I do remember my hand getting pretty strained after writing for three hours at a time, eight exams in four days. Having said that, I can still write, verbatim, faster than anyone I know. As a retired teacher, I can confirm that I'd rather read a typed script than try to interpret some of the handwriting. No matter how bad, if you are marking papers, you do have to ensure marks are given for points made. If I was being really 'prissy' about it, I'd make them all use fountain pens with black ink.

Septimia Mon 13-Dec-21 21:47:00

If children don't learn to write because keyboard skills are considered more important, what will happen about signing legal documents? Will they have to provide a fingerprint - or 'make their mark' (a cross) like illiterate people did in the past?

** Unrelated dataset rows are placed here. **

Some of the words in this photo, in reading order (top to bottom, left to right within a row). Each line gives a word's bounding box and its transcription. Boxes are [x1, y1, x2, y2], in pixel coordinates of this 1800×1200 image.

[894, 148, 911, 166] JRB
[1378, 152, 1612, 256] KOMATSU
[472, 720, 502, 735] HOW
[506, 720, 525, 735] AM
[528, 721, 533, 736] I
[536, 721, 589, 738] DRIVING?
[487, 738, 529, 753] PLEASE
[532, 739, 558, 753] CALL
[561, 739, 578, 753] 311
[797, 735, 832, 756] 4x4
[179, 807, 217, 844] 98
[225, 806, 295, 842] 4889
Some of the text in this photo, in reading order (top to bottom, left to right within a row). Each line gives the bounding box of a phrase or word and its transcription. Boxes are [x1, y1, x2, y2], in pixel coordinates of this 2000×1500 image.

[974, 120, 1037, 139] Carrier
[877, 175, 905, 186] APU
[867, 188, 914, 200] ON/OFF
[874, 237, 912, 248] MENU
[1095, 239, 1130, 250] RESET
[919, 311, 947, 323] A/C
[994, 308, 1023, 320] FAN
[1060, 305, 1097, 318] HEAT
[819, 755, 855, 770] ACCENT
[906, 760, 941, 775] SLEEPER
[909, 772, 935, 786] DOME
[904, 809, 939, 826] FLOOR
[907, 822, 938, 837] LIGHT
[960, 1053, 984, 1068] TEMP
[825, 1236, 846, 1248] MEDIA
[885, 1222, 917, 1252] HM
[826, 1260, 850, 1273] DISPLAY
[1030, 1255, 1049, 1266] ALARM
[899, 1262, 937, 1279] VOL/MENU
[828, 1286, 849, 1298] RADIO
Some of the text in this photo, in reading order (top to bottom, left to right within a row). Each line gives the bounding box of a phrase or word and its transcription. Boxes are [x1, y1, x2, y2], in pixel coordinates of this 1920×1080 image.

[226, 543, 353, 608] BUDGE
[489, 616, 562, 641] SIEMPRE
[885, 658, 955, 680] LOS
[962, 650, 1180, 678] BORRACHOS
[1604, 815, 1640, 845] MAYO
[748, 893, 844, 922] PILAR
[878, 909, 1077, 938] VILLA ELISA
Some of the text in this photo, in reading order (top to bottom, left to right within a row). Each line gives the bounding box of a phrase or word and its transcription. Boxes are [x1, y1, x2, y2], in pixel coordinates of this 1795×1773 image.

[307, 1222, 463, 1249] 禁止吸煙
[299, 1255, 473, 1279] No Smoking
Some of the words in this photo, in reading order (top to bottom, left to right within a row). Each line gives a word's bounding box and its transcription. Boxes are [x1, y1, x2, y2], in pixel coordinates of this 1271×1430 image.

Also, typing in exams is likely to take longer. I once invigilated an exam for a girl who had to use a computer because, for some reason I can't remember, she was unable to write. She had to have extra time in order to complete the paper.

M0nica Mon 13-Dec-21 22:56:24

Learning to touch type will need to be part of the curriculum.

People write at different speeds, so typing at different speeds should not cause problems

Mollygo Mon 13-Dec-21 23:44:05

Learning to touch type will need to be part of the curriculum. It needs daily practice and will need to be practised for homework. Oh no!
Back to the two tier society with problems, especially for those who can’t afford a computer or at least a keyboard with some indication of which line you are on.
Around £900 was quoted at my GD’s school for an official school laptop with all the apps/programs you need. Some ‘free’ ones available for the really poor, but those with no laptop, for whom £30 per month over 30 months would be a struggle weren’t catered for. So what do they do to improve their touch typing?
I’ve run a club for touch typing but only those who really wanted to get faster practised.